One veteran was homeless. Another ran a shelter. Now they live to help homeless people
For Dale Wilson, conducting Los Angeles County’s annual homeless count this week was a homecoming of sorts.
Building 257 at the U.S. Department of Veteran Affairs campus in West Los Angeles is where he ended three years of living on the streets, much of it mired in addiction. The Army veteran finally decided that he had spent too many years in jail and too much time apologizing to his son, also an Army veteran.
So Wilson came to this building, which serves as the Veterans Welcome Center, got a shelter bed and got clean. That was almost eight years ago.
Now the 60-year-old, with fading tattoos and a round, friendly smile with a few missing teeth, lives with his wife in an apartment in Bellflower. He is also an outreach worker for the Los Angeles Homeless Services Authority.
He credits the VA with saving his life.
“I’ve been locked up. I’ve got two strikes. I shouldn’t have this job,” Wilson said. “This isn’t even work to me. It’s really not. It’s just giving back. I needed a lot of help to get out of the situation that I was in. I really did.”
The precipitous decline in homelessness among veterans in recent years has served as a rare bright spot for California officials desperately searching for strategies to get people off the streets.
There were 3,878 homeless veterans in Los Angeles in 2019, which was the most in the country. That number is relatively flat compared to 2018 but is down dramatically from 2017.
Unlike most swaths of L.A. County, where more than 7,000 volunteers spread out over three days this week to collect information for the federally mandated homeless count, the one on the VA campus was conducted by social workers and medical professionals from the department, along with LAHSA employees like Wilson.
The count has become a civic exercise in making people more aware of the crisis unfolding on Los Angeles’ streets.
On Wednesday, Wilson and Daniel Ornelas, another LAHSA outreach worker, joined about a dozen people in a small sterile room in Building 257. Dr. Anjani Reddy and Enrique Martinez, both of LAHSA, walked the group through how the night would go.
Reddy split them into five groups of three or four, and told them to canvass the campus’ 388 acres — a labyrinth of buildings, parking lots and even a golf course.

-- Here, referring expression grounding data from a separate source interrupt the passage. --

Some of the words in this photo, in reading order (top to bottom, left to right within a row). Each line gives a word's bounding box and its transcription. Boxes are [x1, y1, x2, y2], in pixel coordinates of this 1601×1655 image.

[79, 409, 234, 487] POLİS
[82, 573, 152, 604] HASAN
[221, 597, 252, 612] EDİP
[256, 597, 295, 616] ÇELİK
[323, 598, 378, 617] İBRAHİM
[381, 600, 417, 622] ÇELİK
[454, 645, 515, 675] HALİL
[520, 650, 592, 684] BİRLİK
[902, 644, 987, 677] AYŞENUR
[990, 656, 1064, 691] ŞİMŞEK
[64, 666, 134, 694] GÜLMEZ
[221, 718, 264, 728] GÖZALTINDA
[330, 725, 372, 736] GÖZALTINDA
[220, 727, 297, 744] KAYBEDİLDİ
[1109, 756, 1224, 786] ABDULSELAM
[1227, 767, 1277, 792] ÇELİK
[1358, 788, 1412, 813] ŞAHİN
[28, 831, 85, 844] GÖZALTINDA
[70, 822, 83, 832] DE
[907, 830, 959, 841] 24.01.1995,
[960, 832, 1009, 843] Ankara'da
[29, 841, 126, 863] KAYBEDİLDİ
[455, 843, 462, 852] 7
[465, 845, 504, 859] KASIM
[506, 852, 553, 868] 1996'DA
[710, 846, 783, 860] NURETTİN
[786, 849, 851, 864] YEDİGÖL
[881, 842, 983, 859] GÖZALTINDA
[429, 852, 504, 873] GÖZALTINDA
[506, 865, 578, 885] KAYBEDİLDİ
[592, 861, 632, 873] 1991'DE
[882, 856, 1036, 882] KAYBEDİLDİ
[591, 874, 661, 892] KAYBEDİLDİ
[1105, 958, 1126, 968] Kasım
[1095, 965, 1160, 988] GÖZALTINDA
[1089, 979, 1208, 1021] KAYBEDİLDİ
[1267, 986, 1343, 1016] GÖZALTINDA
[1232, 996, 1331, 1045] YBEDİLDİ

Homeless veterans are known to sleep in their cars, and sometimes find small nooks and crannies amid the buildings to bed down. There’s a safe parking lot that’s mushroomed in size in recent years.
Martinez explained that the groups were just doing a visible count and weren’t expected to engage with the people they saw.
He explained that the count is conducted during the winter because shelters tend to be at capacity, so it’s easier and more accurate to tally the people inside. The count is also done at night because people tend to be on the move during the day. So going out after dark makes more sense.
“Thank you to everyone who has served and thank you for everything you guys do,” Martinez told them.
He then Joined Ornelas and Wilson, and the group set off, sweeping their surroundings with flashlights. They looked for signs of life — trash or holes in a nearby fence.
Ornelas, who spent nearly 30 years in the Army, once managed a homeless shelter on skid row.
“Let’s make a big loop,” he said. “Start down by the field and work our way back this way.”
They trudged through the expanse of overgrown hillsides and gardens near Jackie Robinson Stadium, where UCLA’s baseball team plays. The crack of a metal bat echoed from a nearby batting cage.
Ornelas walked with the determined gait of a man who had spent years marching, and Wilson and Martinez sometimes struggled to keep up. After 90 minutes, they returned to where they started.
They didn’t spot any tents or homeless people. But in the parking lot, they counted five RVs that appeared to have people inside. Sometimes it was hard to tell if a homeless person owned the van or camper, or if it was just a vehicle that the VA used to transport patients.
Other groups counted dozens of homeless people and plenty of vehicles that appeared to be inhabited.
The calculations are always somewhat subjective, but will become part of the county’s estimate of how many people live on the streets and in cars and RVs.
Back at building 257, Ornelas and Wilson slapped the backs of other participants and chatted up the social workers and doctors who had joined in the count but now will go back to their day jobs.
Wilson and Ornelas planned to meet up at 7:30 a.m. the next day so they could head to Zuma Beach to help get some homeless people into housing.